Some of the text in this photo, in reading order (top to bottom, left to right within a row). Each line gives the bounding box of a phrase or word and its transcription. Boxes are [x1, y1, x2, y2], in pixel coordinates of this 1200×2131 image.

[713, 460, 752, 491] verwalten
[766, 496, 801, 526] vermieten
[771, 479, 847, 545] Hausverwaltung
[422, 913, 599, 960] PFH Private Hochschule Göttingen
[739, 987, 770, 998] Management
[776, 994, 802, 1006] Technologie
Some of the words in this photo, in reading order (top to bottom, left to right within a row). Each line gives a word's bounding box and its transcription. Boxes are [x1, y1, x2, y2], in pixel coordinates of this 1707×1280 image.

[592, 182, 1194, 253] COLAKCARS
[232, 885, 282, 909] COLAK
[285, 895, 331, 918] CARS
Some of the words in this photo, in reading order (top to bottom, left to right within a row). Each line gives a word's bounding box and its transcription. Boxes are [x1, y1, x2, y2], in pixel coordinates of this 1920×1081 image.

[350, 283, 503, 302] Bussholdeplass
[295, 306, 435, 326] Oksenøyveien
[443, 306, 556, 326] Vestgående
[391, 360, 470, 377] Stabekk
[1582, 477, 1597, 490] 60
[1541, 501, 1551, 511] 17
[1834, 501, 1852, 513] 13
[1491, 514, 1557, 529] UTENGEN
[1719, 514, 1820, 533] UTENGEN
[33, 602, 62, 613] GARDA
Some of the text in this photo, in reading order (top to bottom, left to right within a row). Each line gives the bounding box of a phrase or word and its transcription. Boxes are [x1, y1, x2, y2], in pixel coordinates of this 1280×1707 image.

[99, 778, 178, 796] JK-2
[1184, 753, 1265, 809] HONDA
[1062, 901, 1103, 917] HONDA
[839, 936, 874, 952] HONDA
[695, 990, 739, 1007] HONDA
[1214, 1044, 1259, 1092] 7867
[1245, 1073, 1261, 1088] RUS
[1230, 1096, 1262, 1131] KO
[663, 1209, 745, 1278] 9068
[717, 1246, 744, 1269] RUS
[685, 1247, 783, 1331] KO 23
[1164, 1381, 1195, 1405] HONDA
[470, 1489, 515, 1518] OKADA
- - - - -
WORK REQUEST »
Transcription of the listing must be exact and complete.

EXERCISE RESPONSE »
Some of the text in this photo, in reading order (top to bottom, left to right within a row). Each line gives the bounding box of a phrase or word and its transcription. Boxes are [x1, y1, x2, y2], in pixel coordinates of this 1200×2131 image.

[713, 460, 752, 491] verwalten
[766, 496, 801, 526] vermieten
[771, 479, 847, 545] Hausverwaltung
[422, 913, 599, 960] PFH Private Hochschule Göttingen
[739, 987, 770, 998] Management
[776, 994, 802, 1006] Technologie
Some of the words in this photo, in reading order (top to bottom, left to right within a row). Each line gives a word's bounding box and its transcription. Boxes are [x1, y1, x2, y2], in pixel coordinates of this 1707×1280 image.

[592, 182, 1194, 253] COLAKCARS
[232, 885, 282, 909] COLAK
[285, 895, 331, 918] CARS
Some of the words in this photo, in reading order (top to bottom, left to right within a row). Each line gives a word's bounding box and its transcription. Boxes are [x1, y1, x2, y2], in pixel coordinates of this 1920×1081 image.

[350, 283, 503, 302] Bussholdeplass
[295, 306, 435, 326] Oksenøyveien
[443, 306, 556, 326] Vestgående
[391, 360, 470, 377] Stabekk
[1582, 477, 1597, 490] 60
[1541, 501, 1551, 511] 17
[1834, 501, 1852, 513] 13
[1491, 514, 1557, 529] UTENGEN
[1719, 514, 1820, 533] UTENGEN
[33, 602, 62, 613] GARDA
Some of the text in this photo, in reading order (top to bottom, left to right within a row). Each line gives the bounding box of a phrase or word and its transcription. Boxes are [x1, y1, x2, y2], in pixel coordinates of this 1280×1707 image.

[99, 778, 178, 796] JK-2
[1184, 753, 1265, 809] HONDA
[1062, 901, 1103, 917] HONDA
[839, 936, 874, 952] HONDA
[695, 990, 739, 1007] HONDA
[1214, 1044, 1259, 1092] 7867
[1245, 1073, 1261, 1088] RUS
[1230, 1096, 1262, 1131] KO
[663, 1209, 745, 1278] 9068
[717, 1246, 744, 1269] RUS
[685, 1247, 783, 1331] KO 23
[1164, 1381, 1195, 1405] HONDA
[470, 1489, 515, 1518] OKADA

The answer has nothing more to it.